Le très célèbre et respecté "Dance News", le plus grand journal de danse - et de loin - est bien le reflet de la pratique anglaise. Il peut satisfaire, pour information, les clubs ou organisations, même étrangers, mais garde un aspect de revue locale, sans ouverture. On y trouve plus d'annonces, de potins et de compte-rendus de compétitions sans importance que d'idées exprimées, d'informations, de perspectives. Sa position étant essentiellement passive, on ne peut voir en lui un bâtisseur ou un porte-parole de la danse. Il ne déteste pas, de plus, se mêler au jeu politique, on peut même promouvoir un couple inconnu en y envoyant une photo commentée qui sera publiée.

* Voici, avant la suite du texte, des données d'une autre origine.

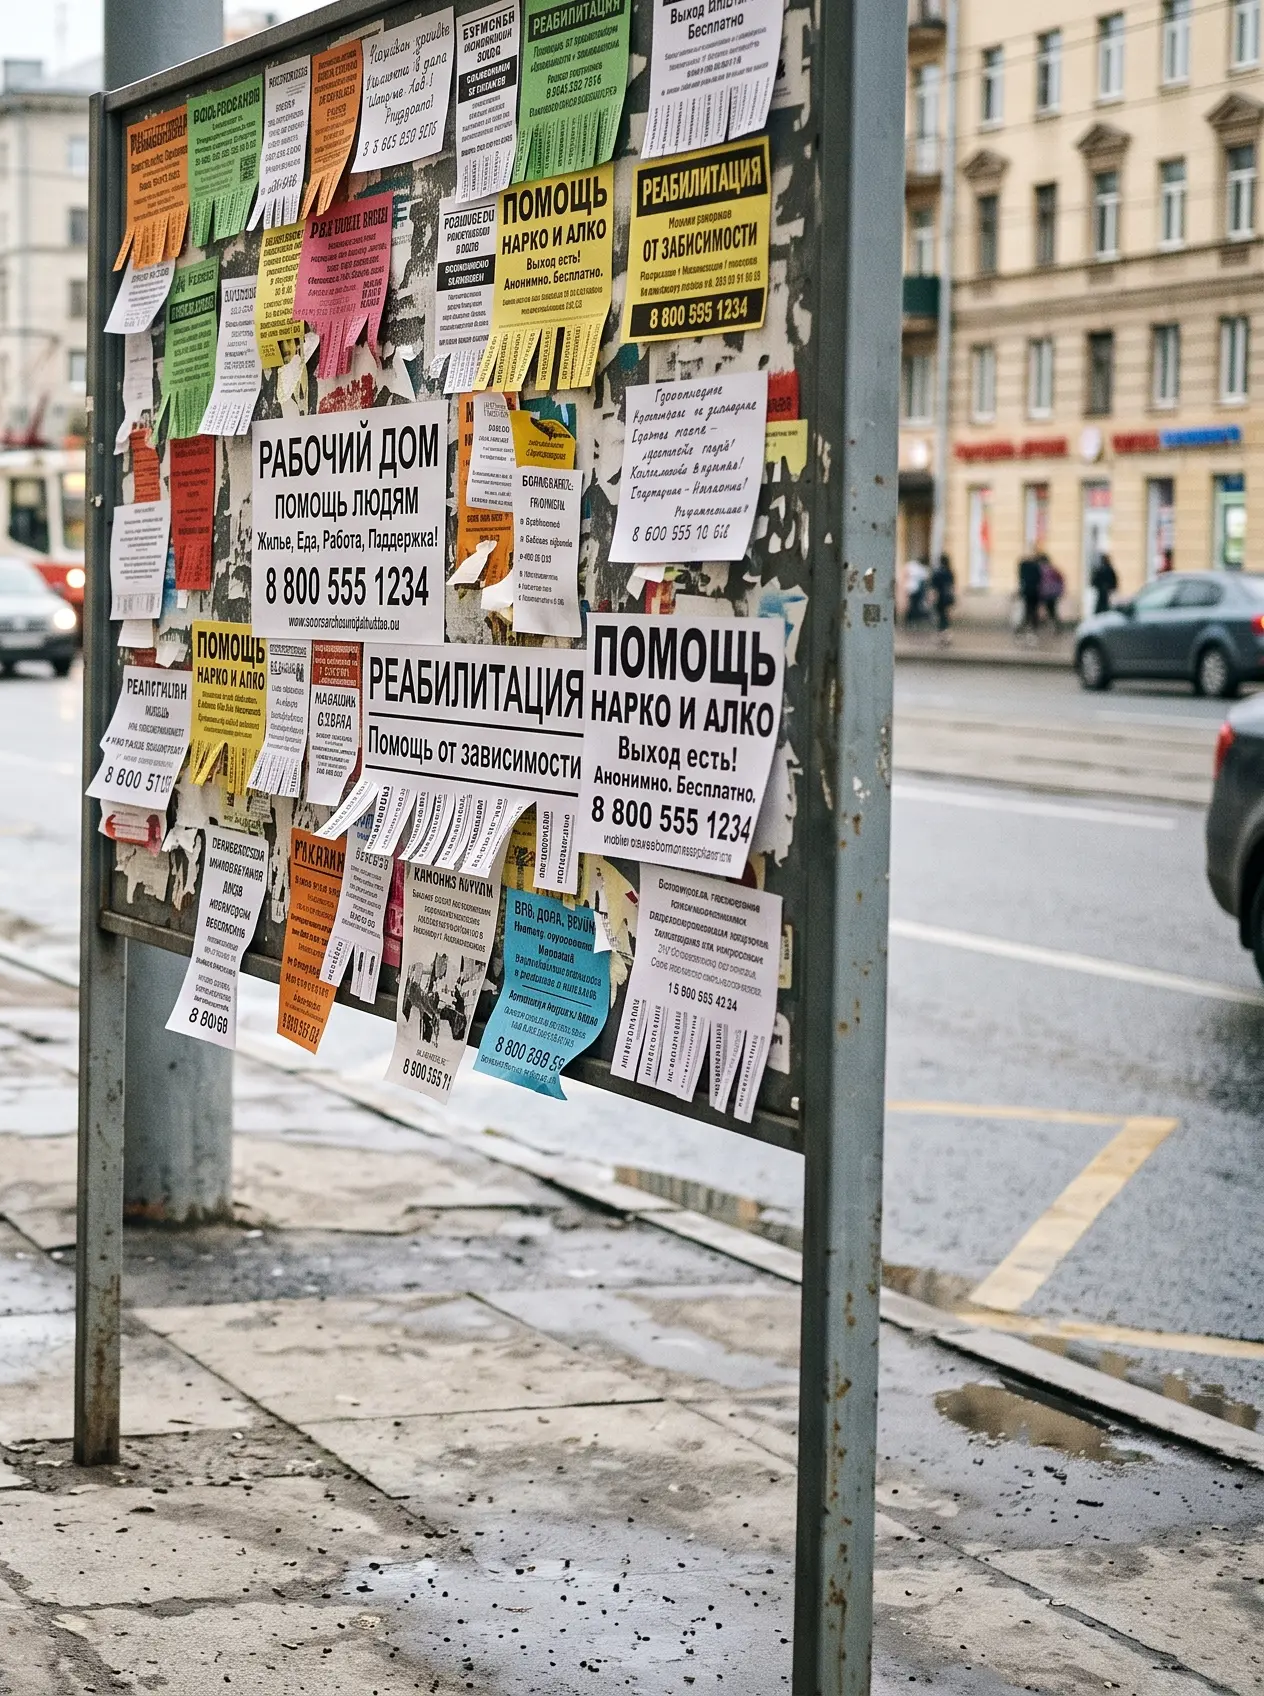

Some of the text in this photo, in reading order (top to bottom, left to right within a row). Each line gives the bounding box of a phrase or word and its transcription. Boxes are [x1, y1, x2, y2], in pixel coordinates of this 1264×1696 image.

[670, 4, 704, 24] Выход
[642, 155, 762, 207] РЕАБИЛИТАЦИЯ
[503, 175, 608, 226] ПОМОЩЬ
[502, 218, 607, 256] НАРКО И АЛКО
[643, 238, 659, 263] ОТ
[504, 266, 604, 291] Анонимно. Бесплатно.
[526, 249, 581, 272] Выход есть!
[649, 307, 658, 329] 8
[661, 304, 685, 328] 800
[716, 296, 748, 321] 1234
[259, 419, 372, 479] РАБОЧИЙ
[378, 422, 439, 480] ДОМ
[274, 486, 419, 523] ПОМОЩЬ ЛЮДЯМ
[297, 530, 320, 553] Еда,
[323, 529, 365, 553] Работа,
[632, 526, 640, 542] 8
[265, 565, 429, 607] 8 800 555 1234
[197, 630, 266, 670] ПОМОЩЬ
[593, 624, 777, 697] ПОМОЩЬ
[197, 666, 228, 686] НАРКО
[369, 656, 584, 725] РЕАБИЛИТАЦИЯ
[591, 689, 775, 739] НАРКО И АЛКО
[368, 725, 434, 766] Помощь
[438, 740, 457, 764] от
[460, 743, 582, 780] зависимости
[618, 735, 738, 772] Выход есть!
[104, 765, 114, 784] 8
[593, 765, 757, 804] Анонимно. Бесплатно.
[591, 795, 753, 844] 8 800 555 1234
[188, 1007, 200, 1024] 8
[494, 1035, 504, 1053] 8
[504, 1039, 527, 1061] 800

Au travers de toutes ces considérations, on s'aperçoit que la danse revêt en Angleterre des aspects très différents, voir même opposés. Dominante aux temps héroïques, elle est de plus en plus dominée, au fur et à mesure que les occasions de confrontations se multiplient, et que le niveau progresse.

Elle a certes su organiser et tirer parti de ses acquis, mais elle est peu intéressée par l'expérimentation de nouvelles idées, la recherche et la création artistique n'étant pas son propos. Il existe heureusement des individualités qui ont cette préoccupation.

C'est certes en Angleterre que la danse s'est constituée le visage qu'elle a actuellement, on peut dire principalement par le fait d'une présence internationale nombreuse. Il n'est pas jusqu'à la mode, qu'on suppose anglaise, et qui ne fait que tran¬siter par ce pays, étant créée le plus souvent en Norvège, en Allemagne...

Pays tirant parti de son ancienneté dans la spécialité, pays largement ouvert... Voilà l'explication d'un tel impact. Mais est-il bien raisonnable de lui vouer pour autant une admiration sans borne ? Vouloir le suivre, c'est nier son originalité, c'est aller, on l'a vu, dans une direction qui n'est pas exempte de gros inconvénients, c'est aussi dépendre de quelqu'un.

Comme l'a fait l'Angleterre à l'arrivée des danses latines, nous devons ne voir en elle que ce qu'elle peut nous apporter, que ce qu'on peut y pren¬dre, la considérant comme un moyen. Et laisser la chance à notre pays de fabriquer sa propre image, ce qui est un programme bien plus passionnant que la dépendance.

Ces dernières années, des compétiteurs (Barsi, Germain, Aufrère) sont sortis du ghetto à la force du poignet. Mais ils étaient seuls...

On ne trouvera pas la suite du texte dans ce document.